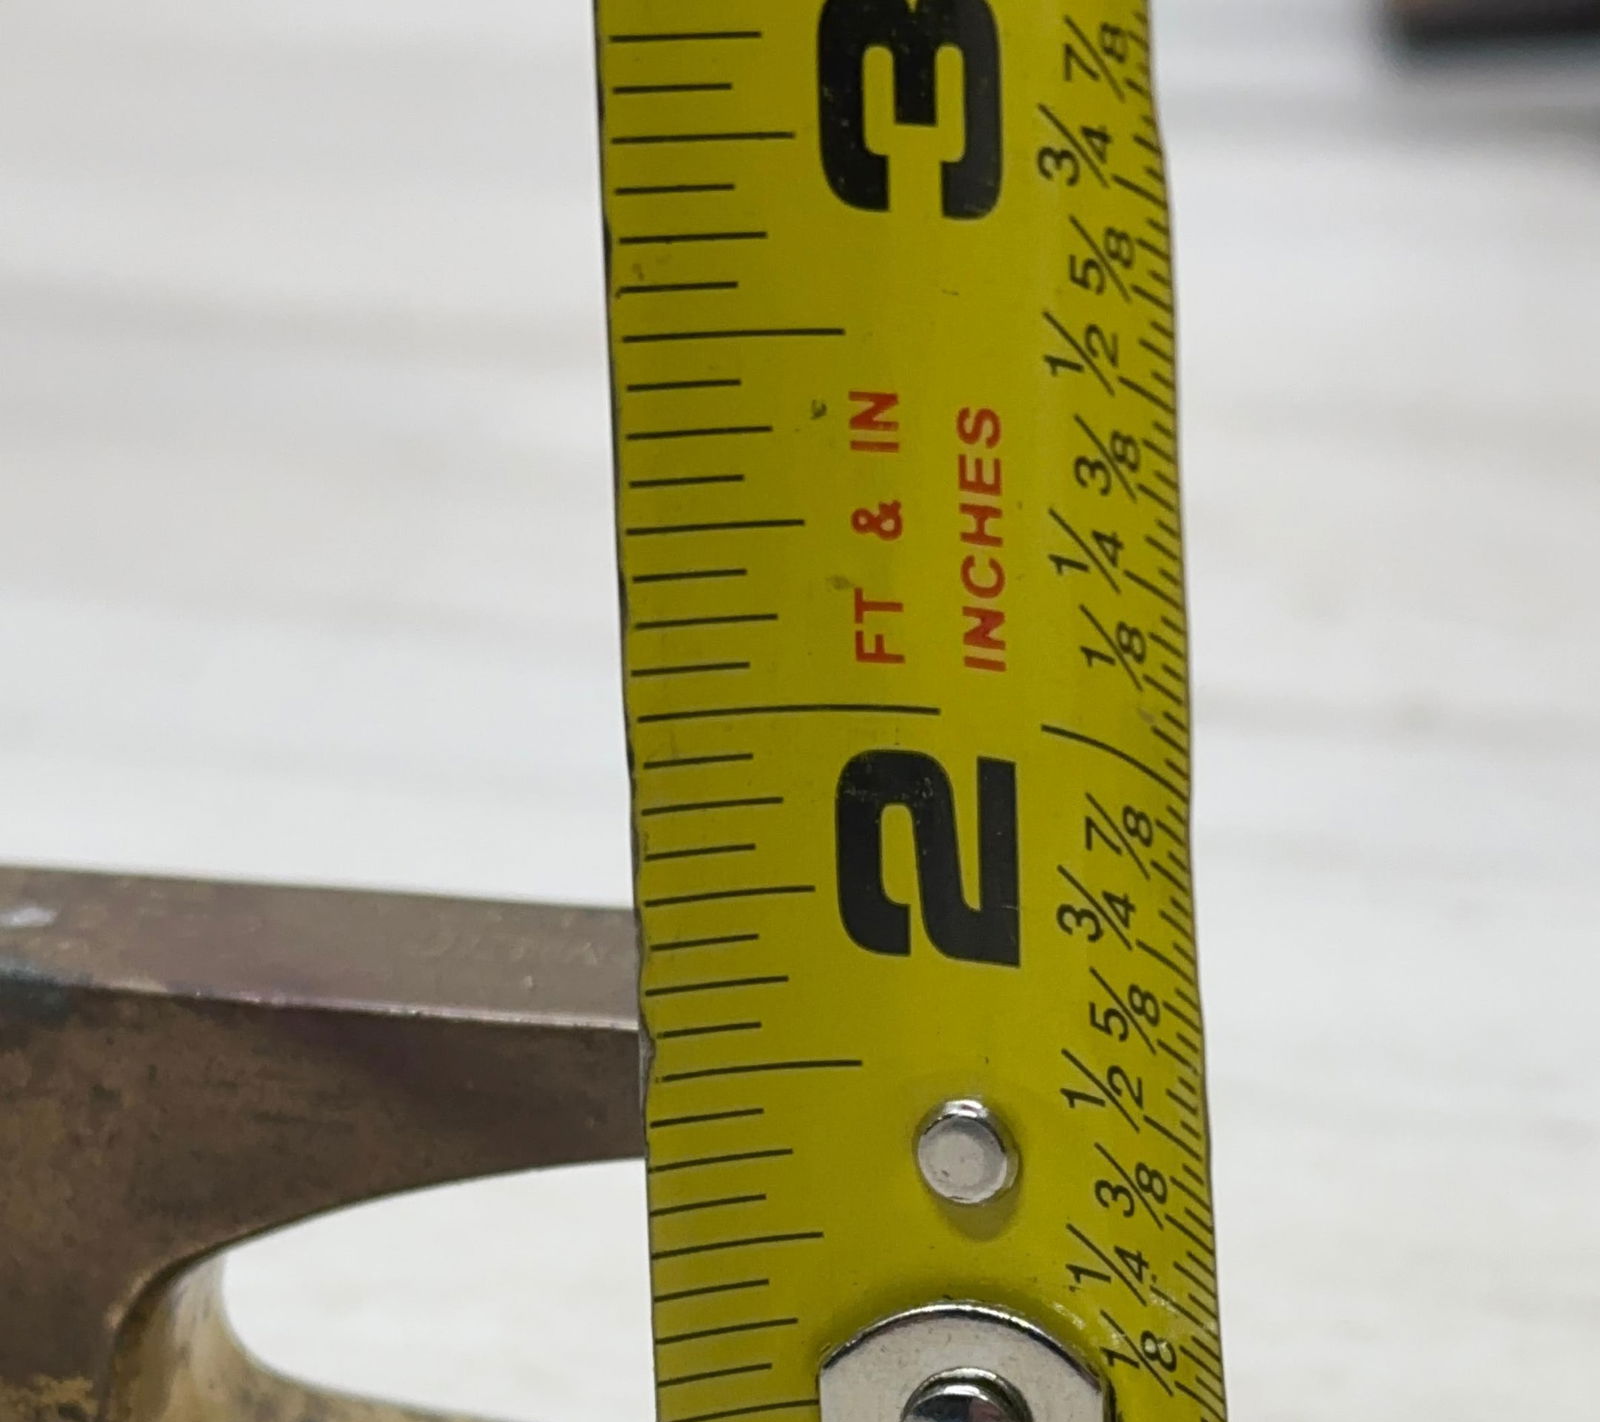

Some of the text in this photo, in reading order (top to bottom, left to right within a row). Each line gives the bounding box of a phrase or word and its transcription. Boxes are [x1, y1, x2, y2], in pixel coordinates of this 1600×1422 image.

[1064, 15, 1128, 103] 7/8
[818, 0, 1003, 220] 3
[1038, 103, 1112, 188] 3/4
[1069, 215, 1135, 302] 5/8
[1043, 310, 1119, 396] 1/2
[1074, 414, 1141, 502] 3/8
[849, 391, 905, 664] FT & IN
[956, 407, 1006, 672] INCHES
[1049, 508, 1123, 594] 1/4
[1080, 605, 1147, 692] 1/8
[835, 749, 1020, 968] 2
[1084, 792, 1153, 880] 7/8
[1057, 865, 1136, 951] 3/4
[1089, 967, 1160, 1054] 5/8
[1060, 1048, 1143, 1133] 1/2
[1094, 1142, 1167, 1231] 3/8
[1066, 1223, 1149, 1306] 1/4
[1101, 1310, 1177, 1397] 1/8

AIM OF THE EXERCISE
Print the listing exactly, minus its pictures.

ANSWER AREA
Some of the text in this photo, in reading order (top to bottom, left to right within a row). Each line gives the bounding box of a phrase or word and its transcription. Boxes are [x1, y1, x2, y2], in pixel coordinates of this 1600×1422 image.

[1064, 15, 1128, 103] 7/8
[818, 0, 1003, 220] 3
[1038, 103, 1112, 188] 3/4
[1069, 215, 1135, 302] 5/8
[1043, 310, 1119, 396] 1/2
[1074, 414, 1141, 502] 3/8
[849, 391, 905, 664] FT & IN
[956, 407, 1006, 672] INCHES
[1049, 508, 1123, 594] 1/4
[1080, 605, 1147, 692] 1/8
[835, 749, 1020, 968] 2
[1084, 792, 1153, 880] 7/8
[1057, 865, 1136, 951] 3/4
[1089, 967, 1160, 1054] 5/8
[1060, 1048, 1143, 1133] 1/2
[1094, 1142, 1167, 1231] 3/8
[1066, 1223, 1149, 1306] 1/4
[1101, 1310, 1177, 1397] 1/8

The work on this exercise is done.